LKH Klagenfurt tief in der Krise

Weiterer Wirbel

© TZ Österreich Raunig

LKH Klagenfurt tief in der Krise

Das Ausmaß der Misere rund um LKH und KABEG wird von Tag zu Tag immer deutlicher. Mit einem Millionenaufwand wurde zum Beispiel die Lungenabteilung im LKH Klagenfurt adaptiert und auf den neuesten Stand gebracht. Im Zuge des Neubau des LKH-Neu muss sie aber wieder weggerissen werden.

Abriss wird überprüft
„Ein Wahnsinn“, so KABEG Aufsichtsratsvorsitzender Kurt Scheuch (BZÖ). Überdies fehlt eine landesweite Bettenplanung. Die Folge: Jene Betten die beim LKH-Neu eingespart werden, werden in den Spitälern in St. Veit an der Glan und Villach wieder aufgestockt. „Erspart wird da gar nichts“, so Scheuch. Dafür lässt er jetzt prüfen, ob man auch ohne Abriss des Gebäudes mit der neuen Lungenabteilung auskommt.
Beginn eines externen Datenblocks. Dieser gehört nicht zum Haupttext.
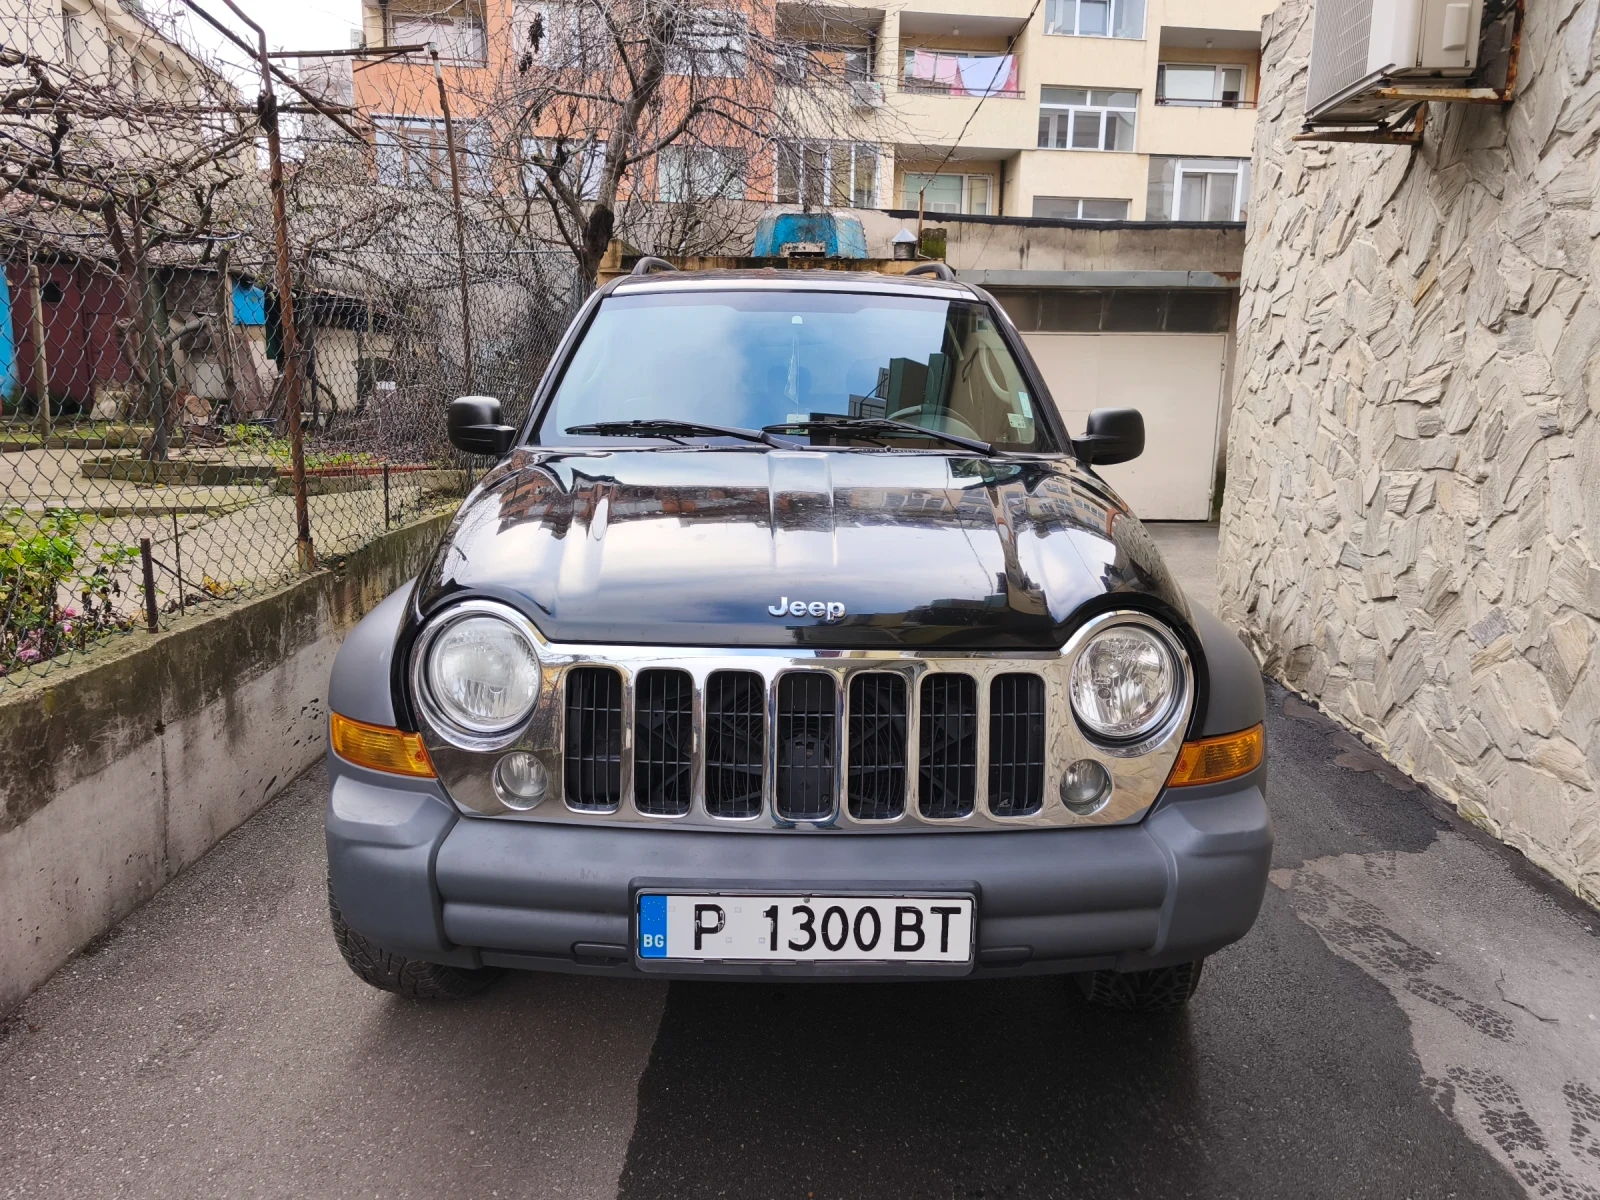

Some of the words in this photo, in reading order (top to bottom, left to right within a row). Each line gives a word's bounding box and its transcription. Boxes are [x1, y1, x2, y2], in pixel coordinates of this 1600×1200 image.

[768, 596, 846, 623] Jeep
[643, 933, 664, 948] BG
[694, 903, 726, 951] P
[763, 904, 882, 952] 1300
[893, 905, 962, 953] BT
Scheuch: „Wir könnten dann Betten aus der Psychiatrie von Villach nach Klagenfurt in dieses Gebäude verlegen, um noch irgendwas an Investitionen zu retten.“

Mandl könnte 1,1 Mio. Euro bekommen
Bekannt wurde am Mittwoch auch, dass der ehemalige Vorsitzende der KABEG, Dieter Mandl, nicht wie kolportiert 500.000 Euro beim Arbeitsgericht lukrieren könnte, sondern mehr als das doppelte: 1,1 Million Euro (!). Scheuch: „Daher suchen wir dringend einen Vergleich. Wir haben schlechte Karten.“ Die nächste Sünde: der Glanfluss, der um teures Geld verlegt wurde. „Das wäre auch ohne gegangen. Man hätte nur, wie die Fachleute der ÖVP geraten haben, den Altbestand sanieren und nicht gleich alles neu bauen müssen“, so Mandl in einem Gespräch im vergangenen Herbst. Nach der Flussverlegung kam es zu skurrilen Szenen: Rosen wurden in den Glan-Fluss gestreut, um sich bei ihm für die Verlegung zu entschuldigen.